Land in the vicinity of the Drukken Steps was locally known as the Spittal Meadow, held in 1666 by the Laird of Corsbie or Crosbie and Robert Woodside or Robert of Woodside. Spittal was a term chiefly applied to lands, the revenues of which supported a hospice but, in some instances, the reference maybe to the site of a hospice for the infirm, lepers, etc. This name is also recorded in a document dated 1542. This could have formed part of the lands of the nunnery at Stanecastle which could have been the site of the spittal in question. Other spittals in Ayrshire were located in Ayr, Prestwick, Symington, Fail, Maybole, Mauchline, Stewarton and Kilmarnock.
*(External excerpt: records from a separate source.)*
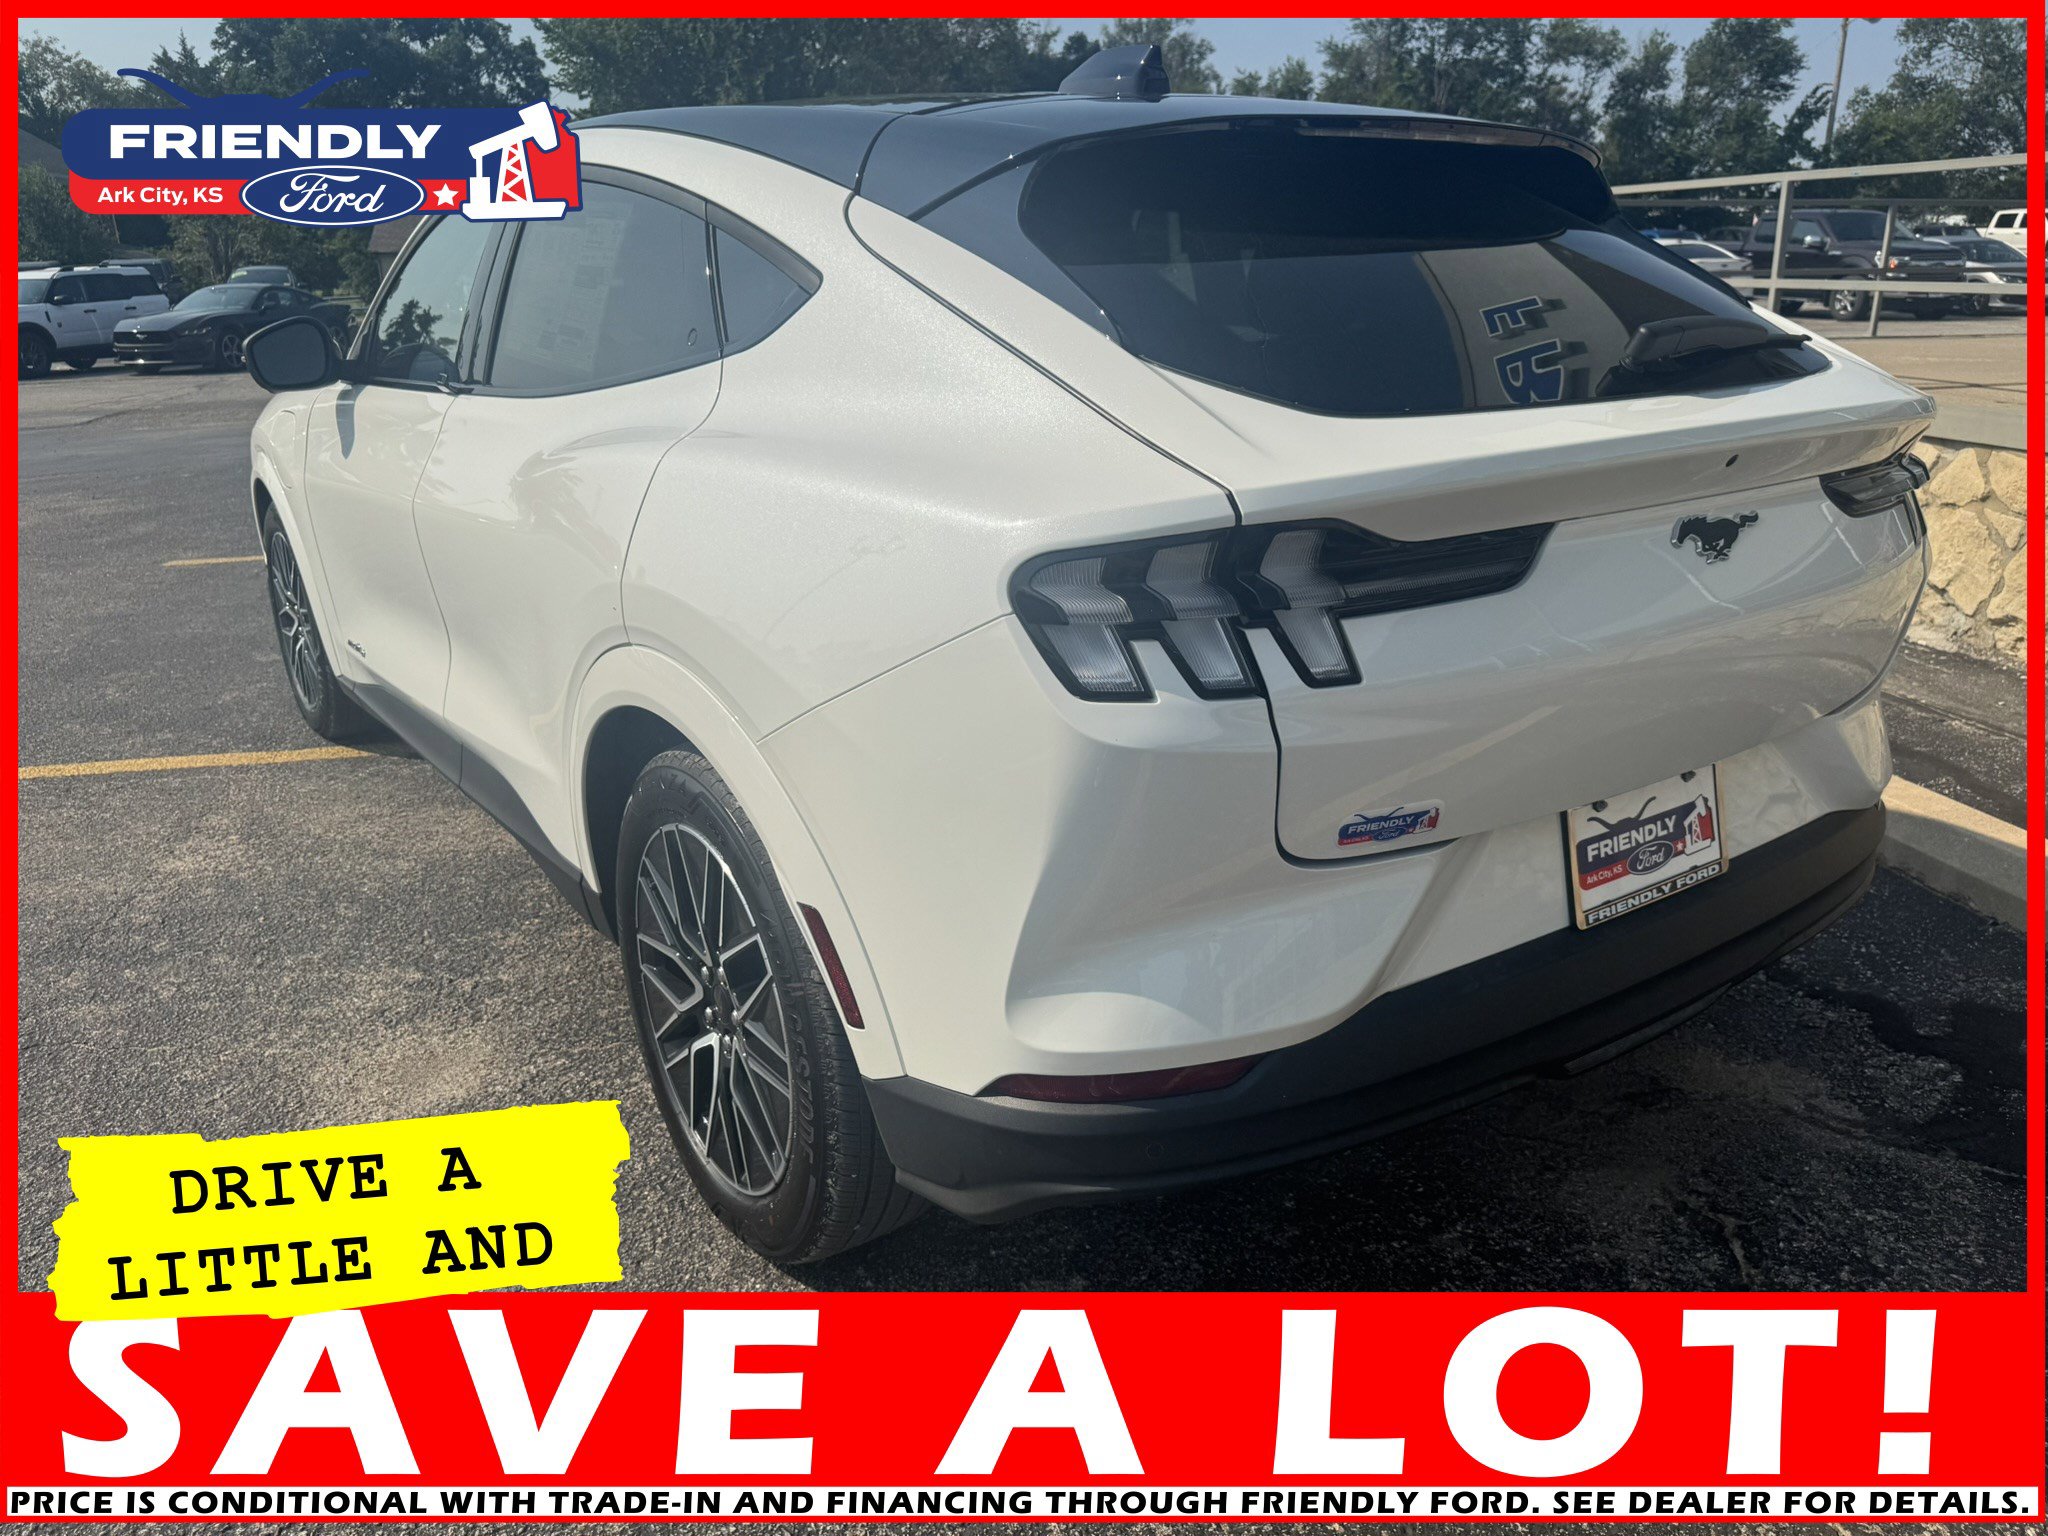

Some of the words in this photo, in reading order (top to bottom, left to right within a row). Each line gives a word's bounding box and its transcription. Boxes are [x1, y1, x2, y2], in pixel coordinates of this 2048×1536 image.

[1347, 815, 1415, 834] FRIENDLY
[1377, 829, 1400, 840] Ford
[1586, 815, 1677, 862] FRIENDLY
[1636, 846, 1665, 870] Ford
[1586, 873, 1599, 885] Ark
[1613, 864, 1623, 874] KS
[1588, 882, 1674, 924] FRIENDLY
[1676, 864, 1720, 889] FORD
A Chapel of Saint Bridget (capelle sancte Brigide) near Stanecastle is mentioned in 1417, however this seems to have been secularised by the early 17th century.
A secondary source makes reference to a chapel at the site of the Hill Cottage and it is indicated that the well at this site produced an abundance of water. A Cruceford or Crossford was also located further down the Redburn on the Knights Templar lands of Redburn where the burn now crosses under the main road near Kidsneuk and Rood meadow. Roodmeadow was held by William Cuninghame and Robert Hamilton in 1666. The term 'rood' may refer to the True Cross, the specific wooden cross used in Christ's crucifixion; the name 'Red' may also derive from this.
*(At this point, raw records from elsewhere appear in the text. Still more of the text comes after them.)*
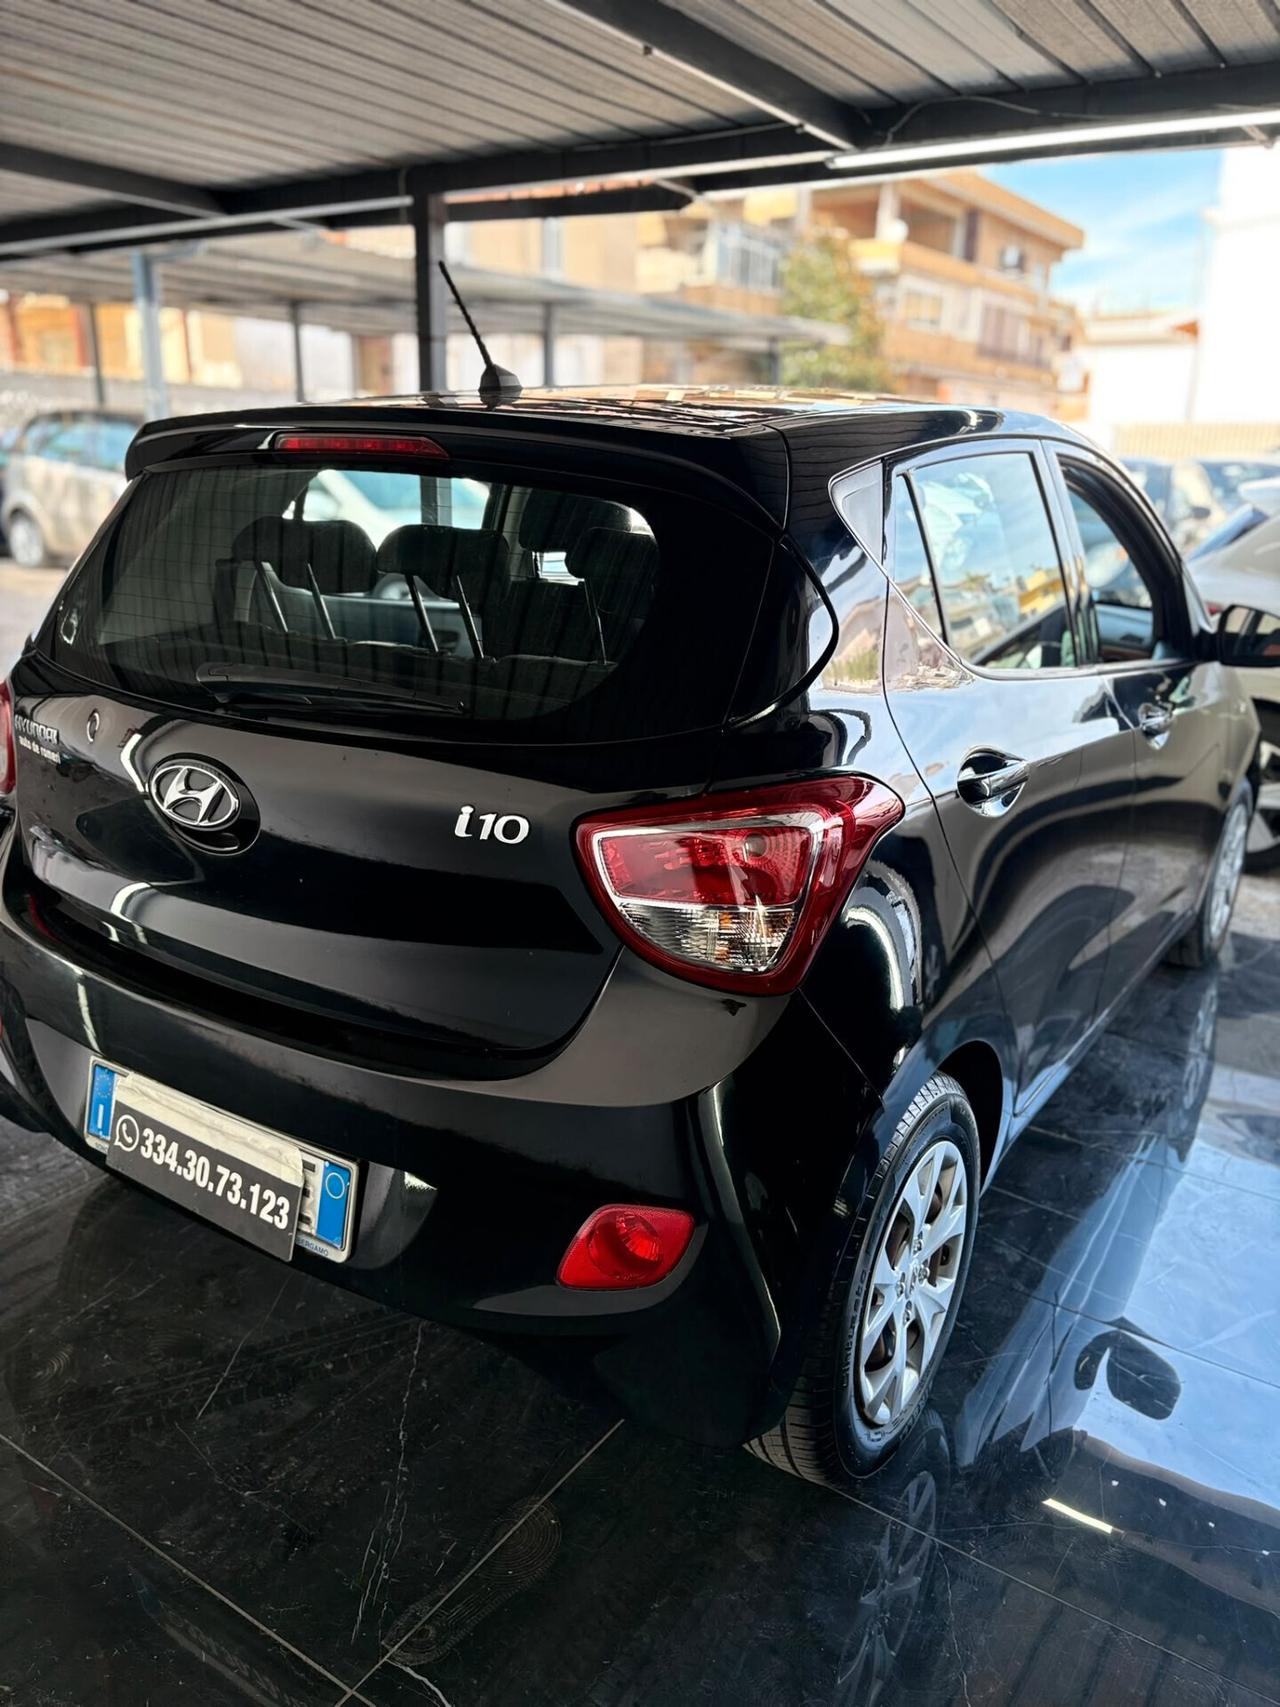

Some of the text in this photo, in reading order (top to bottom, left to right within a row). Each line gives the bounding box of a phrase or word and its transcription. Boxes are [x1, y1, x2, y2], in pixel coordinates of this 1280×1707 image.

[14, 714, 58, 745] HYUNDAI
[454, 805, 530, 845] i10
[97, 1103, 104, 1130] I
[140, 1127, 291, 1231] 334.30.73.123
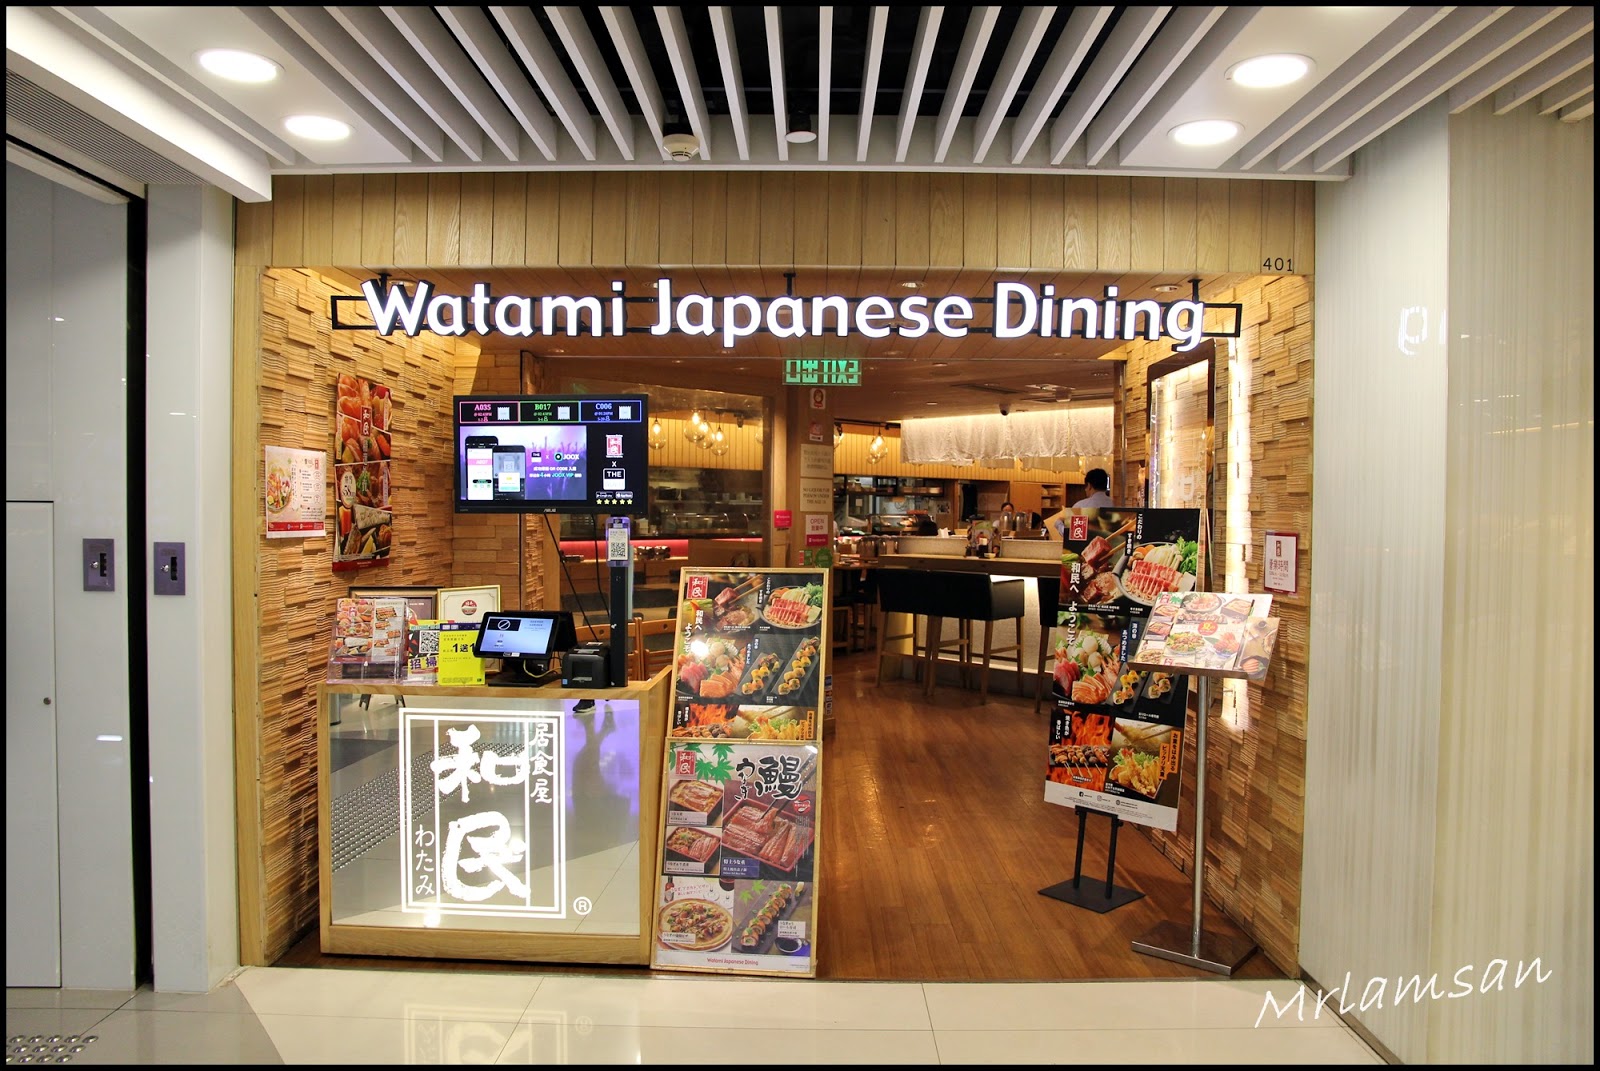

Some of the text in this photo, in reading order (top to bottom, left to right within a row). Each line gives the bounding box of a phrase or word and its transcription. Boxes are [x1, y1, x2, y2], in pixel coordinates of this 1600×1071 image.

[1262, 257, 1294, 272] 401
[361, 277, 1206, 352] Watami Japanese Dining
[534, 403, 552, 411] B017
[1073, 518, 1084, 539] 和民
[694, 609, 704, 631] 和民へ
[1066, 562, 1081, 647] 和民へ ようこそ
[683, 622, 693, 654] ようこそ
[529, 723, 554, 804] 居食屋
[679, 752, 691, 774] 和民
[755, 754, 803, 800] 鰻
[430, 723, 532, 902] 和民
[414, 824, 436, 896] わたみ
[706, 956, 723, 964] Watami
[723, 958, 744, 966] Japanese
Knadgerhill was only acquired by the Earls of Eglinton in 1851 when the burgh excambied part of the lands of Bogside Flats for them. This allowed the construction of the new entrance to the policies at Stanecastle via Long Drive.

Coal heughs were shallow pits and in 1686 they had been sunk at Doura and Armsheugh, the coal being taken down to Irvine via the Drukken steps or via Stanecastle.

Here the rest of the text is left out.